There are several ways around this problem, but I think the most elegant is to use a volume within the bind to contain node_modules. To do this, we just have to add one line to the end of our docker compose file:

diff --git a/docker-compose.yml b/docker-compose.yml
index 9e0b012..9ac21d6 100644
--- a/docker-compose.yml
+++ b/docker-compose.yml
@@ -3,3 +3,4 @@ chat:
   command: echo 'ready'
   volumes:
     - .:/home/app/chat
+    - /home/app/chat/node_modules

So, it’s simple to do, but there is quite a bit going on behind the scenes to make it work:

During the build, npm install installs the dependencies (which we’ll add in the next section) into $HOME/chat/node_modules within the image. We’ll color the files from the image blue:
```
~/chat$ tree # in image
.
├── node_modules
│   ├── abbrev
...
│   └── xmlhttprequest
├── npm-shrinkwrap.json
└── package.json
```
When we later start a container from that image using our compose file, docker first binds the application folder from the host inside the container under $HOME/chat. We’ll color the files from the host red:
```
~/chat$ tree # in container without node_modules volume
.
├── Dockerfile
├── docker-compose.yml
├── node_modules
├── npm-shrinkwrap.json
└── package.json
```
The bad news is that the node_modules in the image are hidden by the bind; inside the container, we instead see only the empty node_modules folder on the host.

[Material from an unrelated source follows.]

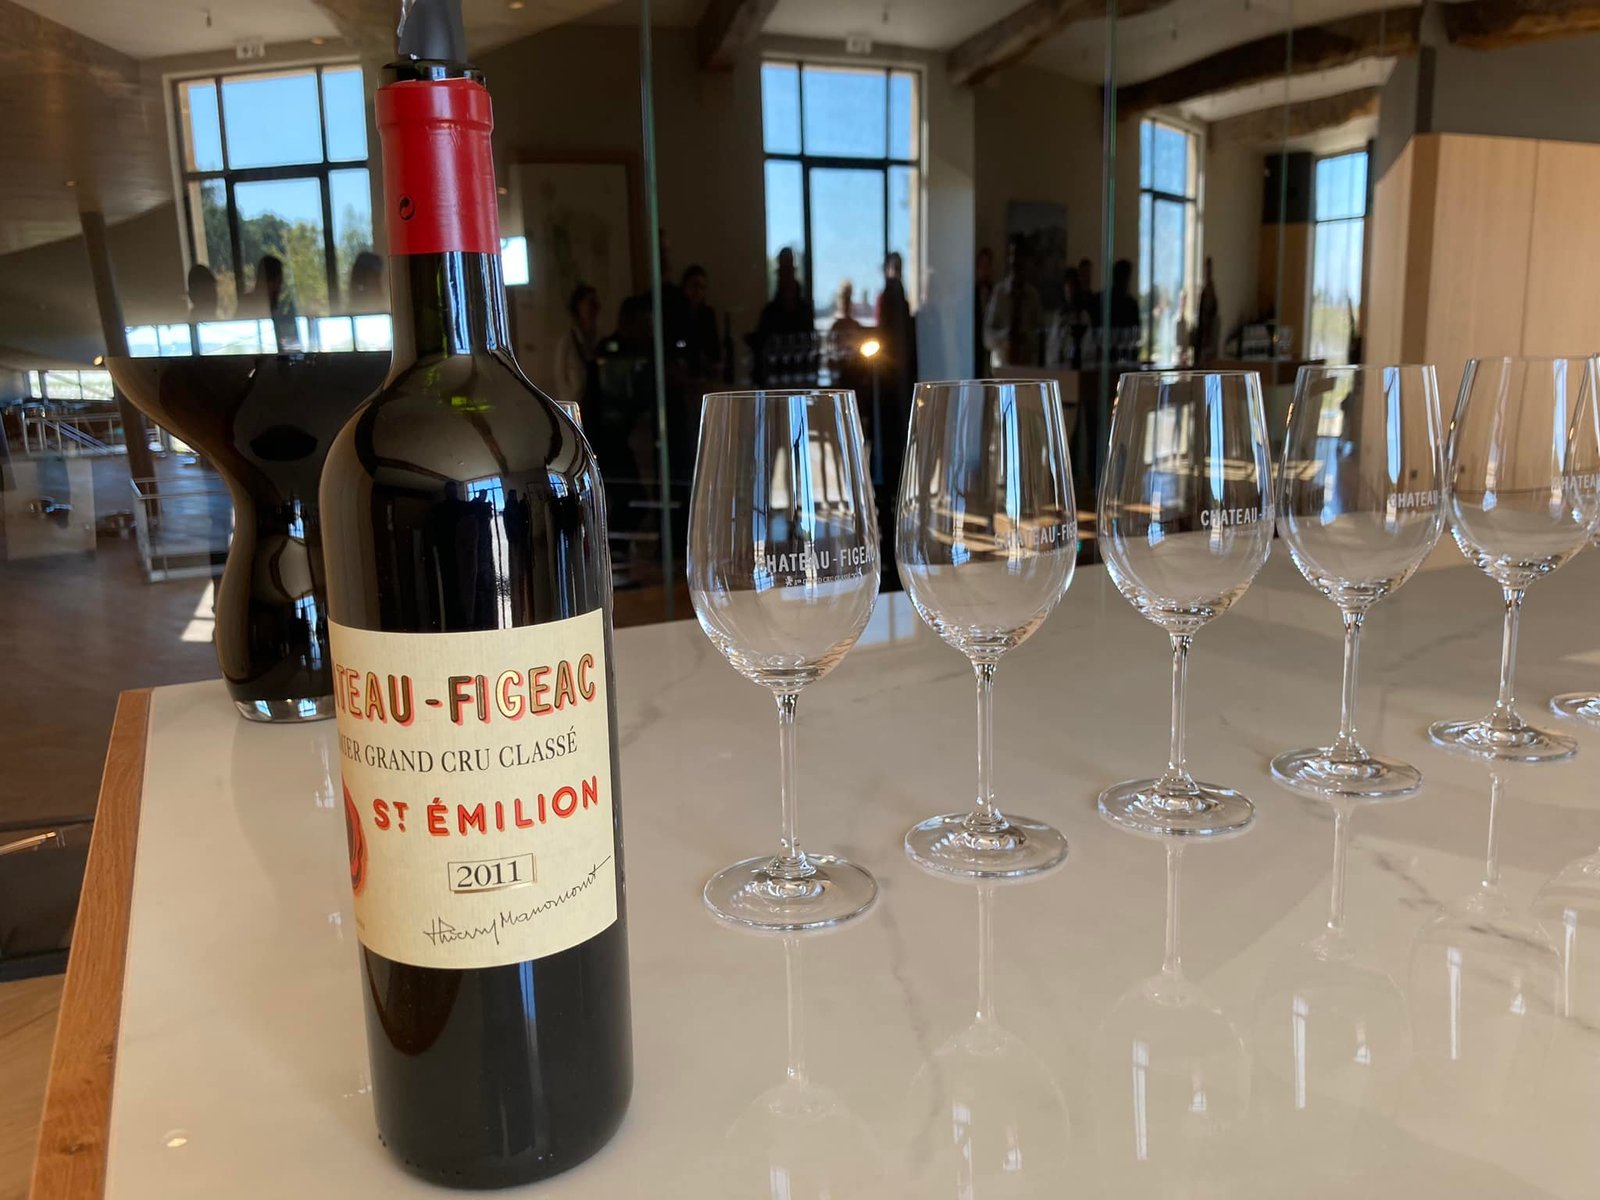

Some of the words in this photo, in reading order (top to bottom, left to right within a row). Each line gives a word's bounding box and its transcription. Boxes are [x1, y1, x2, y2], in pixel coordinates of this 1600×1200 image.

However, we’re not done yet. Docker next creates a volume that contains a copy of $HOME/chat/node_modules in the image, and it mounts it in the container. This, in turn, hides the node_modules from the bind on the host:

~/chat$ tree # in container with node_modules volume
.
├── Dockerfile
├── docker-compose.yml├── node_modules
│   ├── abbrev
...
│   └── xmlhttprequest├── npm-shrinkwrap.json
└── package.json

This gives us what we want: our source files on the host are bound inside the container, which allows for fast changes, and the dependencies are also available inside of the container, so we can use them to run the app.

(Extra credit: you might wonder where those dependency files in the volume actually get stored. In short, they live in a separate directory managed by docker on the host; see the docker docs about volumes for more info.)

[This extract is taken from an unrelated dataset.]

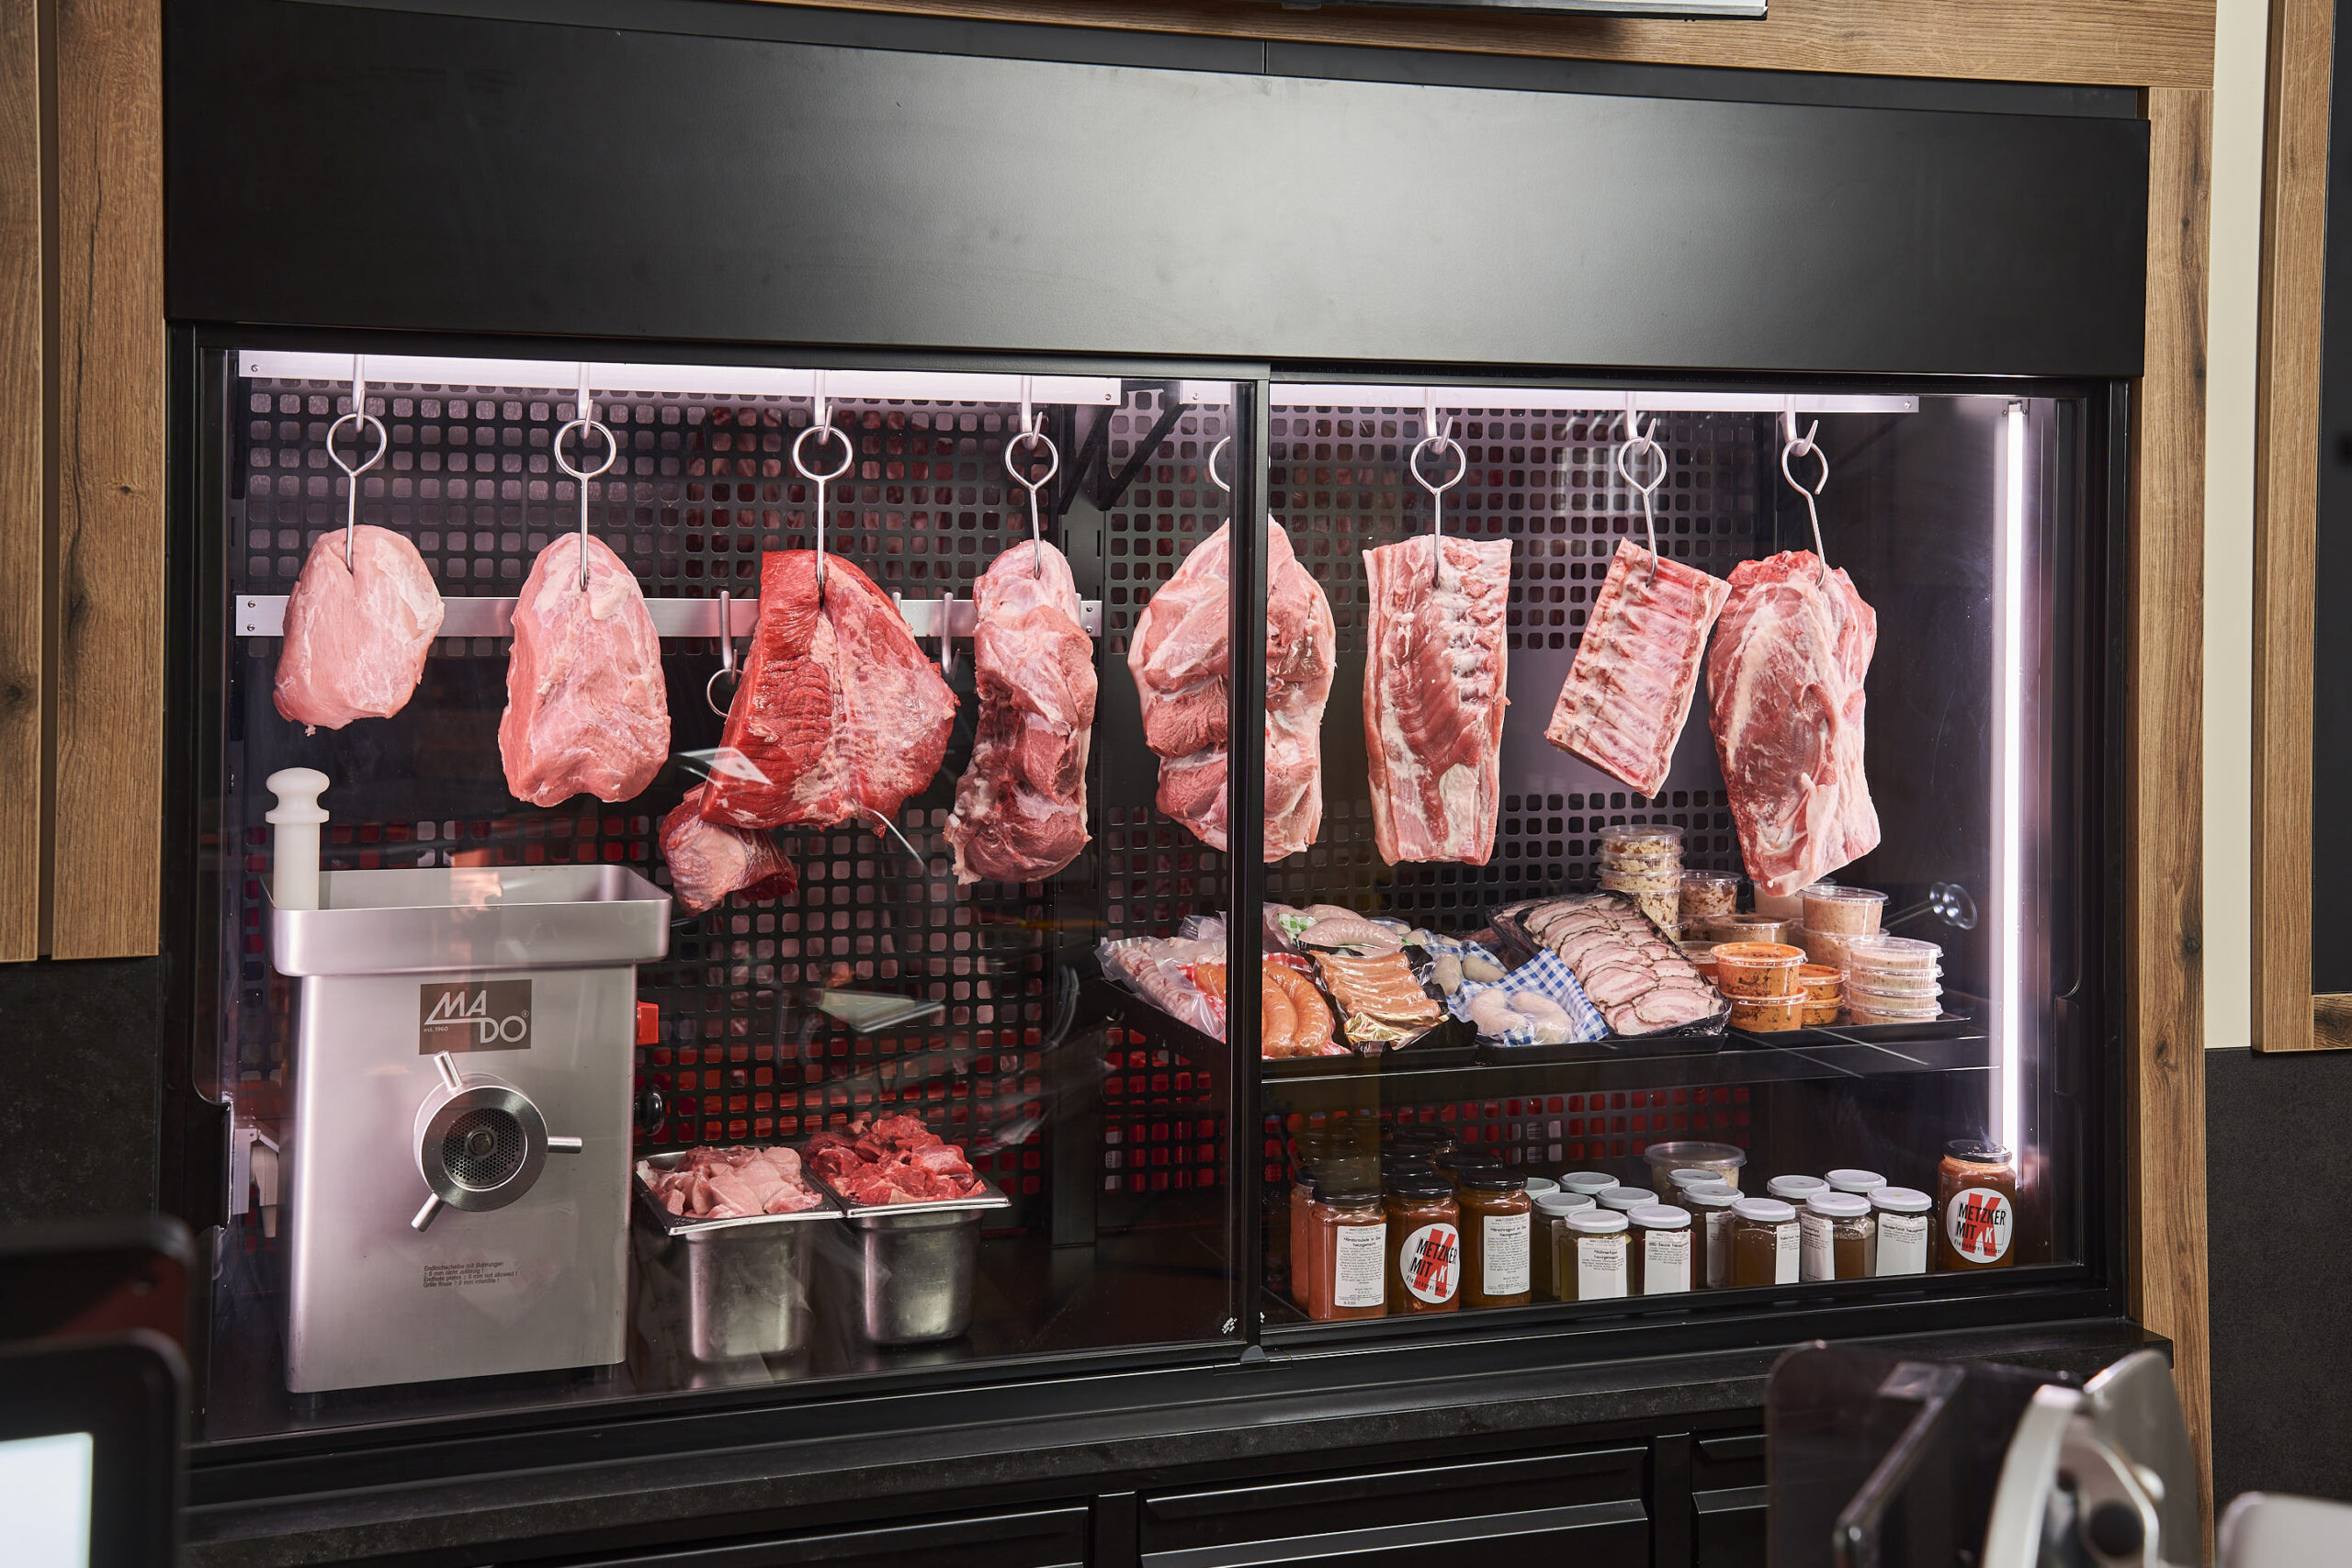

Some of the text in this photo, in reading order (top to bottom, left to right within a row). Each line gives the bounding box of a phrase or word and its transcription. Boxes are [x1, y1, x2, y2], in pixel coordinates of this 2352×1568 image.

[1959, 1203, 2006, 1225] METZKER
[1957, 1222, 1994, 1243] MIT K
[1417, 1239, 1457, 1265] METZKER
[1411, 1257, 1447, 1282] MIT K

Package Installation and Shrinkwrap

So, let’s rebuild the image, and we’ll be ready to install packages.

$ docker-compose build
... builds and runs npm install (with no packages yet)...

The chat app requires express at version 4.10.2, so let’s npm install it with --save to save the dependency to our package.json and update npm-shrinkwrap.json accordingly:

$ docker-compose run --rm chat /bin/bash
app@9d800b7e3f6f:~/chat$ npm install --save express@4.10.2
app@9d800b7e3f6f:~/chat$ exit

Note you don’t usually have to specify the version exactly here; it’s fine to just run npm install --save express to take whatever the latest version is, because the package.json and the shrinkwrap will hold the dependency at that version next time the build runs.

The reason to use npm’s shrinkwrap feature is that, while you can fix the versions of your direct dependencies in your package.json, you can’t fix the versions of their dependencies, which may be quite loosely specified. This means that if you or someone else rebuilds the image at some future time, you can’t guarantee (without using shrinkwrap) that it won’t pull down a different version of some indirect dependency, breaking your app. This seems to happen to me much more often than one might expect, so I advocate using shrinkwrap. If you are familiar with ruby’s excellent bundler dependency manager, npm-shrinkwrap.json is much like Gemfile.lock.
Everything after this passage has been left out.